The deal resulted in main-channel coverage of Swaggart's Sonlife Broadcasting Network throughout the Charlotte market, which is a hub of major televangelism organizations, including Swaggart's longtime rivals, the Billy Graham Evangelistic Association and Jim Bakker's PTL, now INSP; it was previously carried as a subchannel of both WJZY and WMYT-TV before their 2020 sale to Nexstar Media Group.

==Programming==
Prior to the sale to Sonlife, WHKY-TV's schedule consisted primarily of locally-produced religious and entertainment shows, as well as paid programming. In addition, a weekday local newscast aired twice a day at 5:30 and 10 p.m. and is known for its rundown of crime news and wanted fugitive notices within Hickory and Catawba County; it continues to stream online through the radio station's website and YouTube channel. The station featured only one syndicated show, MGM Television's Personal Injury Court.

==Technical information==
===Subchannels===
The station's signal is multiplexed:

Subchannels of WWJS
| Subchannel | Res. | Short name | Programming |
| 14.1 | 720p | WWJSTV | SonLife |
| 14.2 | 480i | WHKY | Newsmax2 |
| 14.3 | Comet | Comet |
| 14.4 | BUSTED | Busted |
| 14.5 | MOVGOLD | MovieSphere Gold |
| 14.6 | RevFt | Infomercials |
| 14.7 | ROAR | Roar |

Previously, the second and fourth digital subchannels have been affiliated with Jewelry Television, which was shown at various times on the main channel. The network was used as a placeholder until the additions of RTV and My Family TV on those respective subchannels. On September 28, 2012, My Family TV was replaced with PBJ. In November 2012, WHKY-TV began transmitting its main channel in 720p high definition, and in 2014 the main channel began airing Jewelry Television in HD for portions of the day. On March 1, 2014, PBJ was replaced on digital subchannel 14.4 by Heartland (which originated as the broadcast incarnation of The Nashville Network in 2012). On July 1, 2014, This TV was added to the second subchannel, making WHKY the fourth station in the Charlotte market to carry it. On that same date, Retro TV was moved to the third subchannel, replacing Tuff TV. On January 5, 2021, SonLife began broadcast on subchannel 14.7, while Charge! was replaced by TBD. On July 1, 2021, Jewelry Television and Shop LC on 14.5 and 14.6 respectively were replaced with Defy TV and TrueReal.

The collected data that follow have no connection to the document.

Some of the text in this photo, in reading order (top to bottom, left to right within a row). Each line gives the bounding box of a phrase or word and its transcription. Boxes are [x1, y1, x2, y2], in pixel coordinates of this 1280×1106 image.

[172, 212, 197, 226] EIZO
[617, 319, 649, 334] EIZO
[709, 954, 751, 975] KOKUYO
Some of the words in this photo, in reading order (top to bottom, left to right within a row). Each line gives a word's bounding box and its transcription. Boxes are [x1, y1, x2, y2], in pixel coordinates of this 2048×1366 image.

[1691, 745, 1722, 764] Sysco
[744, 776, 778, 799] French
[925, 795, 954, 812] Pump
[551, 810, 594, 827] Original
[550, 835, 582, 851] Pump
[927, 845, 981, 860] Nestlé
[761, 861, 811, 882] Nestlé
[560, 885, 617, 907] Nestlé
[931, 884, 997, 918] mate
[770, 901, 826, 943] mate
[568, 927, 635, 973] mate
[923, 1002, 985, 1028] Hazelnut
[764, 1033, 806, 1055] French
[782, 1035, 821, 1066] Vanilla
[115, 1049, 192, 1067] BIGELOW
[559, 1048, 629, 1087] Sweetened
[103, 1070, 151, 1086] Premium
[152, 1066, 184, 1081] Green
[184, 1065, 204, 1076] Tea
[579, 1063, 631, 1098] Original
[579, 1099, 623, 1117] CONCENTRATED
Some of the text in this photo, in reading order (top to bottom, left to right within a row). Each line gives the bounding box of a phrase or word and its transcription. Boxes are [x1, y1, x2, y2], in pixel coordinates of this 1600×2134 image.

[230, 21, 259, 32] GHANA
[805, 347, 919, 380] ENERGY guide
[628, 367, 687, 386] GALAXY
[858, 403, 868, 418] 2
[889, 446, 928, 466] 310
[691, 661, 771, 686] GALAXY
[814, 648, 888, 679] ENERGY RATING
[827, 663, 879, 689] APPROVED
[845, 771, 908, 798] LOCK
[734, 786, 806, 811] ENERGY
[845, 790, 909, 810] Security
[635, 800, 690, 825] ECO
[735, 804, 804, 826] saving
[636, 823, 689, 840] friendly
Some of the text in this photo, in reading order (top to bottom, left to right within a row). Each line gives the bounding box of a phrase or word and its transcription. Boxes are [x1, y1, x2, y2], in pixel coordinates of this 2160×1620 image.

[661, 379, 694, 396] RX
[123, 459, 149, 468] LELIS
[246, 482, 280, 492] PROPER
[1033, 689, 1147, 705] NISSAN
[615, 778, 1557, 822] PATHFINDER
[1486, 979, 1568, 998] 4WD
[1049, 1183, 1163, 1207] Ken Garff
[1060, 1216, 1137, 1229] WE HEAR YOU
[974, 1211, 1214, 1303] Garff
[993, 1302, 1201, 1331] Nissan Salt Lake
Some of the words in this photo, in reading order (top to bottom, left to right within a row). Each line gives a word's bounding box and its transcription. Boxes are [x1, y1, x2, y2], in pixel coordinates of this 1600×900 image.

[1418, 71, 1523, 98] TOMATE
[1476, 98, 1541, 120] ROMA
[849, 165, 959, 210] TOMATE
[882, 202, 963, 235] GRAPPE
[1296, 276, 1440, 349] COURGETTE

===Analog-to-digital conversion===
WWJS (as WHKY-TV) shut down its analog signal, over UHF channel 14, on February 14, 2009, three days before the original date on which full-power television stations in the United States were to transition from analog to digital broadcasts under federal mandate. The station's digital signal remained on its pre-transition UHF channel 40, using virtual channel 14.